Quote, without any change, the line that contains "this 1440×960 image." and all lines that follow it to the end of the data below.

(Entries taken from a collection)
######

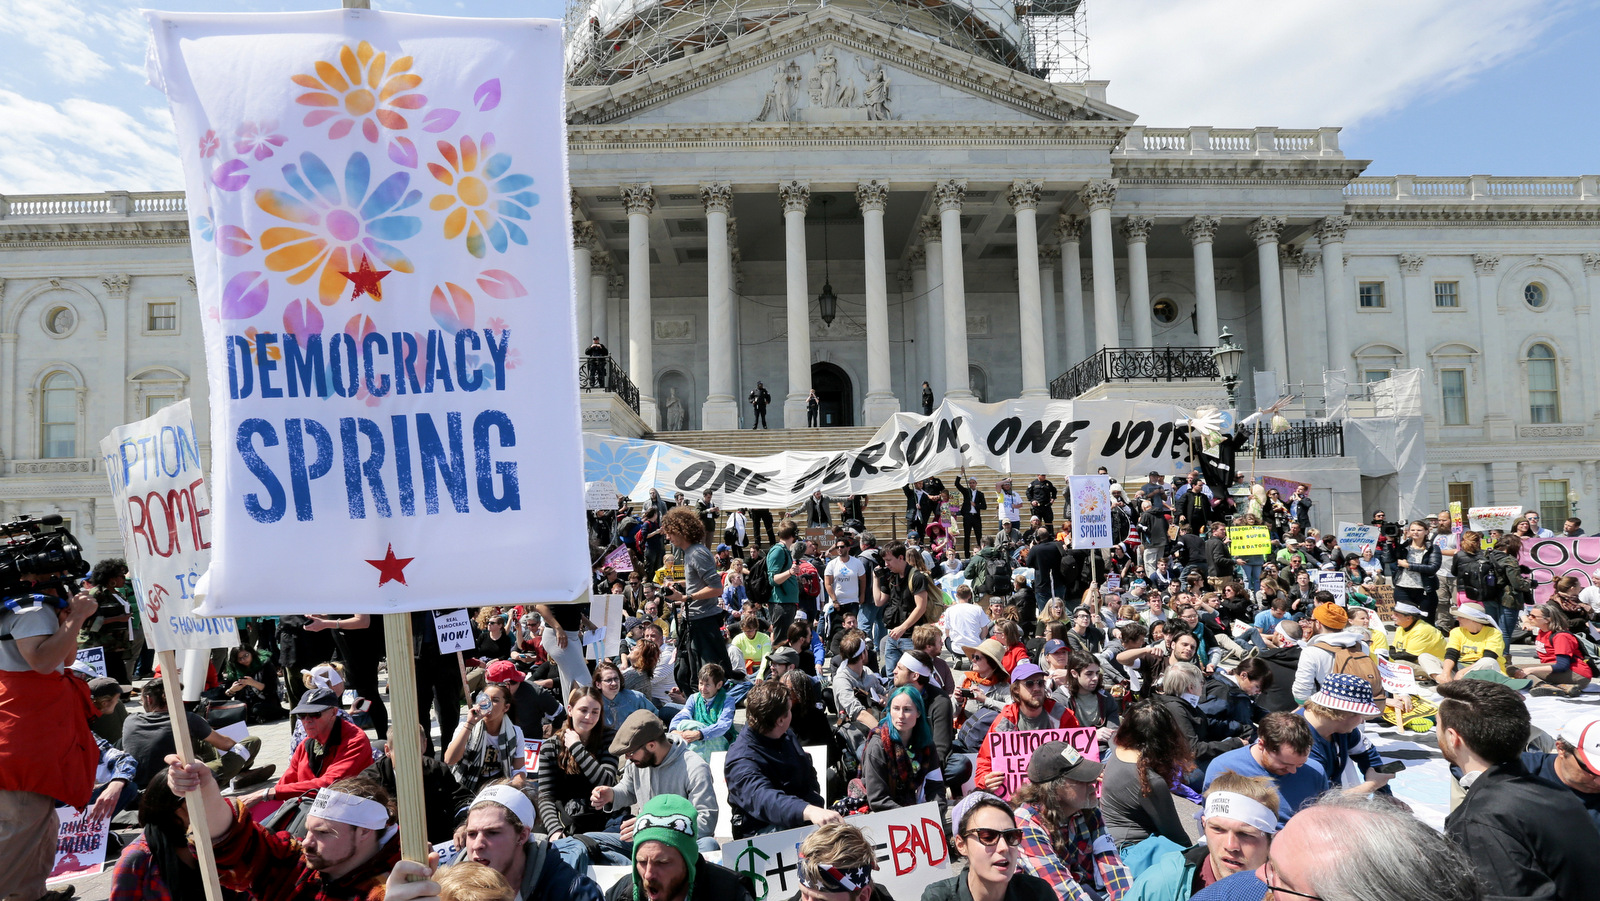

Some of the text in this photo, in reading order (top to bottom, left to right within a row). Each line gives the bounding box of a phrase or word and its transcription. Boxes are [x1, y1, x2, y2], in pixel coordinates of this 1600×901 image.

[226, 328, 511, 399] DEMOCRACY
[675, 460, 781, 496] ONE
[986, 416, 1090, 457] ONE
[236, 409, 521, 524] SPRING
[1080, 513, 1106, 523] DEMOCRACY
[1080, 524, 1107, 538] SPRING
[169, 615, 234, 635] SHOWING
[438, 621, 468, 629] DEMOCRACY
[440, 629, 469, 642] NOW!
[1211, 804, 1230, 814] SPRING
[888, 817, 949, 877] BAD
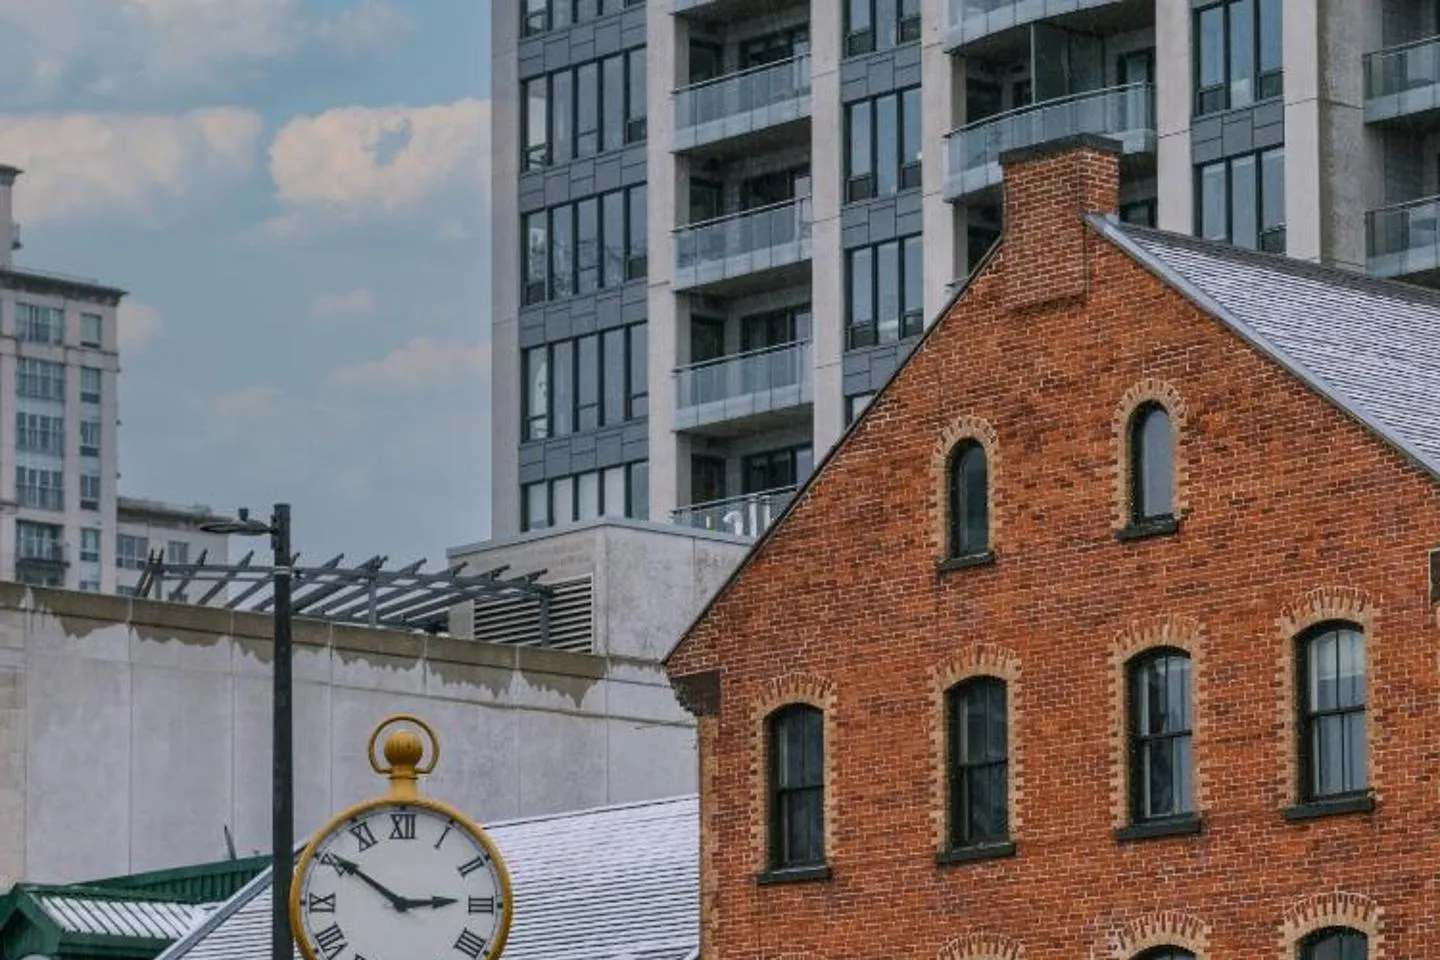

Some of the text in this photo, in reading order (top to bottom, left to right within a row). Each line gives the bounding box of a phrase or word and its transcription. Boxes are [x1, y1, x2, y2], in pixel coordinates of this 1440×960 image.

[348, 821, 378, 852] XI
[390, 813, 417, 840] XII
[434, 824, 452, 849] I
[457, 855, 485, 878] II
[308, 892, 336, 914] IX
[468, 895, 494, 915] III
[452, 927, 486, 960] IIII

######

» **ANSWER FOR THE TASK**:
Some of the text in this photo, in reading order (top to bottom, left to right within a row). Each line gives the bounding box of a phrase or word and its transcription. Boxes are [x1, y1, x2, y2], in pixel coordinates of this 1440×960 image.

[348, 821, 378, 852] XI
[390, 813, 417, 840] XII
[434, 824, 452, 849] I
[457, 855, 485, 878] II
[308, 892, 336, 914] IX
[468, 895, 494, 915] III
[452, 927, 486, 960] IIII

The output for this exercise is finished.